Work instructions:
Restate all of the records below exactly. Do not carry over any image.

━━━━━ Supplied records ━━━━━

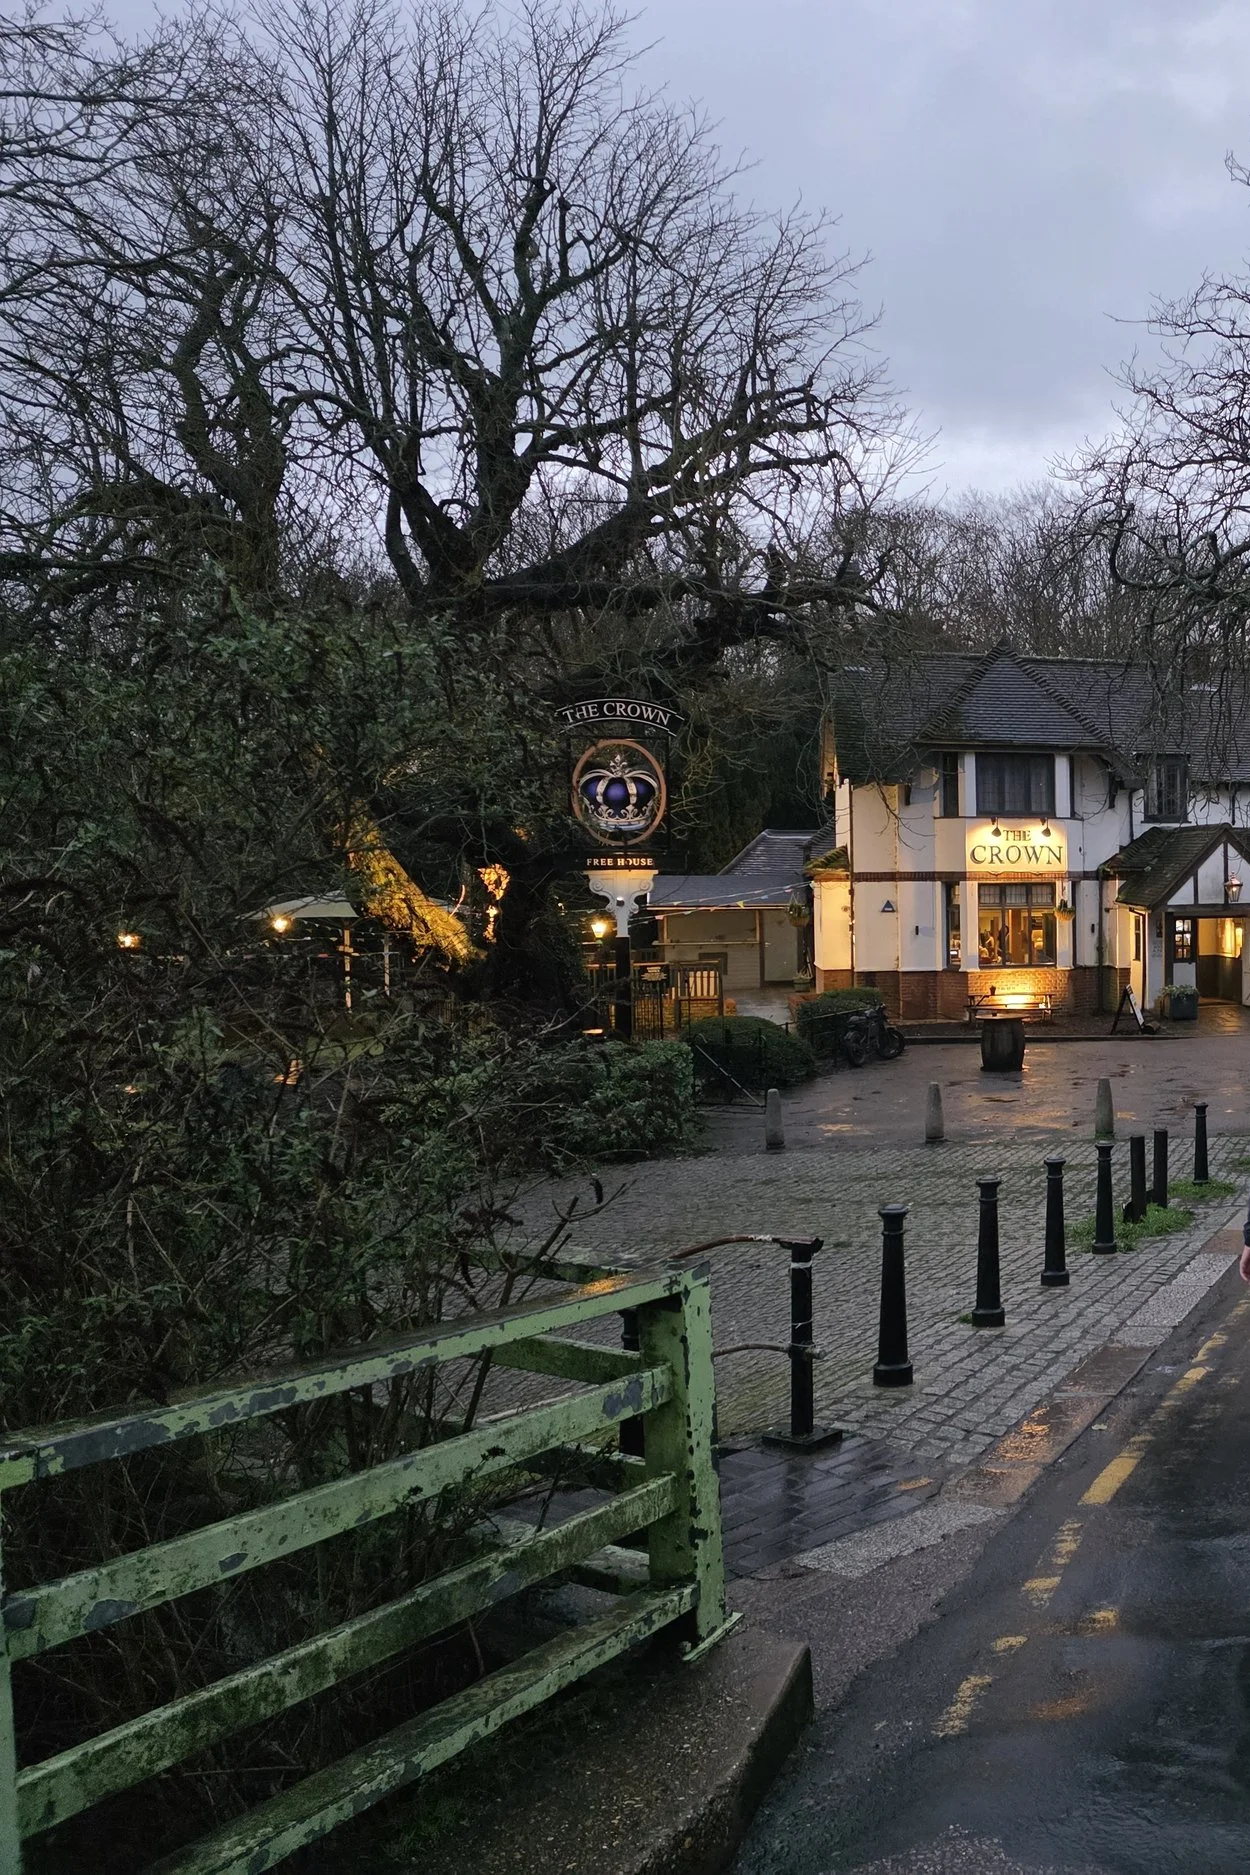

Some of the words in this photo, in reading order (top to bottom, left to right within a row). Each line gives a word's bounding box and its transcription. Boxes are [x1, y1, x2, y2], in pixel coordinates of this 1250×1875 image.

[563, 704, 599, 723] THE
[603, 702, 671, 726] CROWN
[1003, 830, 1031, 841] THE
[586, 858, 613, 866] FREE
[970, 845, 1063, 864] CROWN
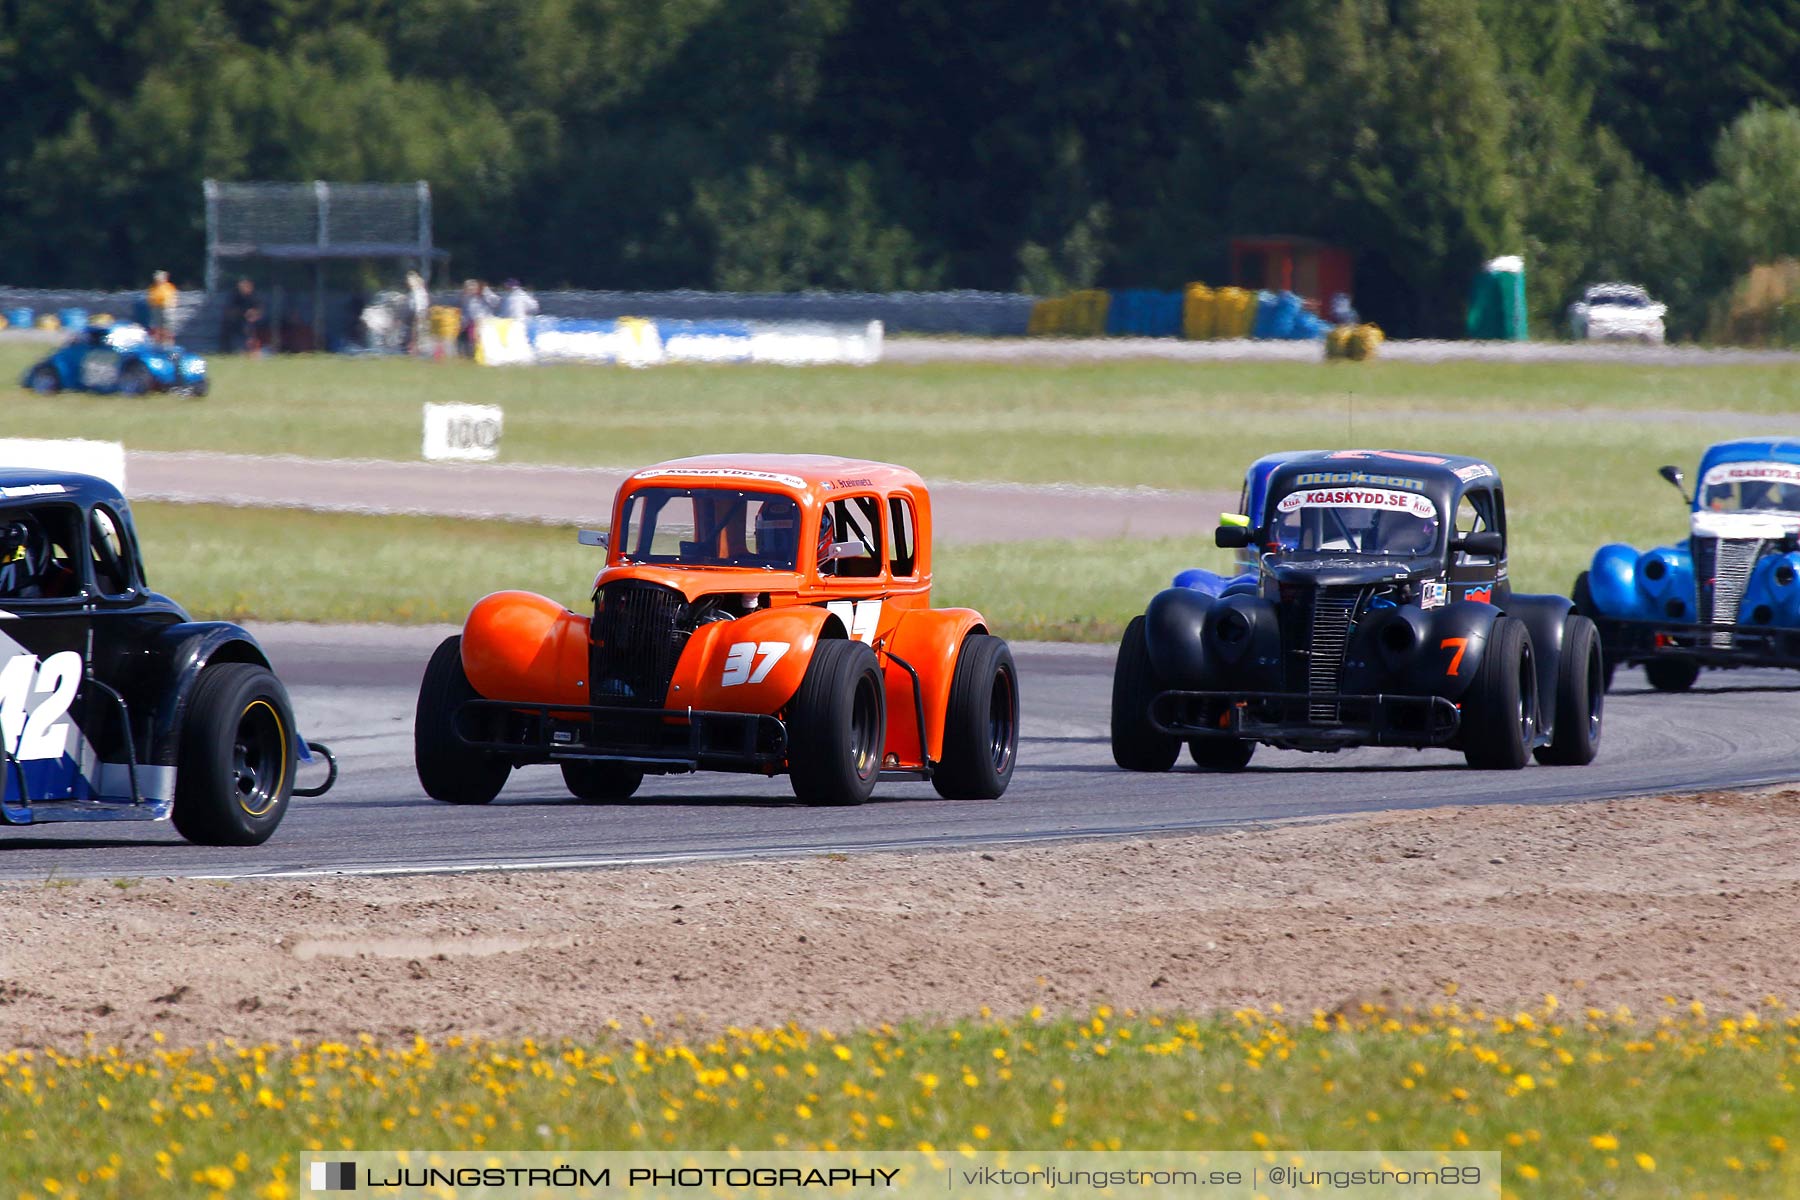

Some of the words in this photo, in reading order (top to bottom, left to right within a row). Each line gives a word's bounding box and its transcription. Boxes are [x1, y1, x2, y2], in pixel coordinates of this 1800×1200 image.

━━━━━

Exercise response:
Some of the words in this photo, in reading order (top to bottom, left to right within a row). Each line gives a word's bounding box and its transcription. Boxes are [x1, y1, x2, y2], in pixel coordinates of this 1250×1875 image.

[563, 704, 599, 723] THE
[603, 702, 671, 726] CROWN
[1003, 830, 1031, 841] THE
[586, 858, 613, 866] FREE
[970, 845, 1063, 864] CROWN

Some of the words in this photo, in reading order (top to bottom, left to right within a row). Each line gives a word's bounding box and its transcription. Boxes are [x1, y1, x2, y2], in pixel coordinates of this 1800×1200 image.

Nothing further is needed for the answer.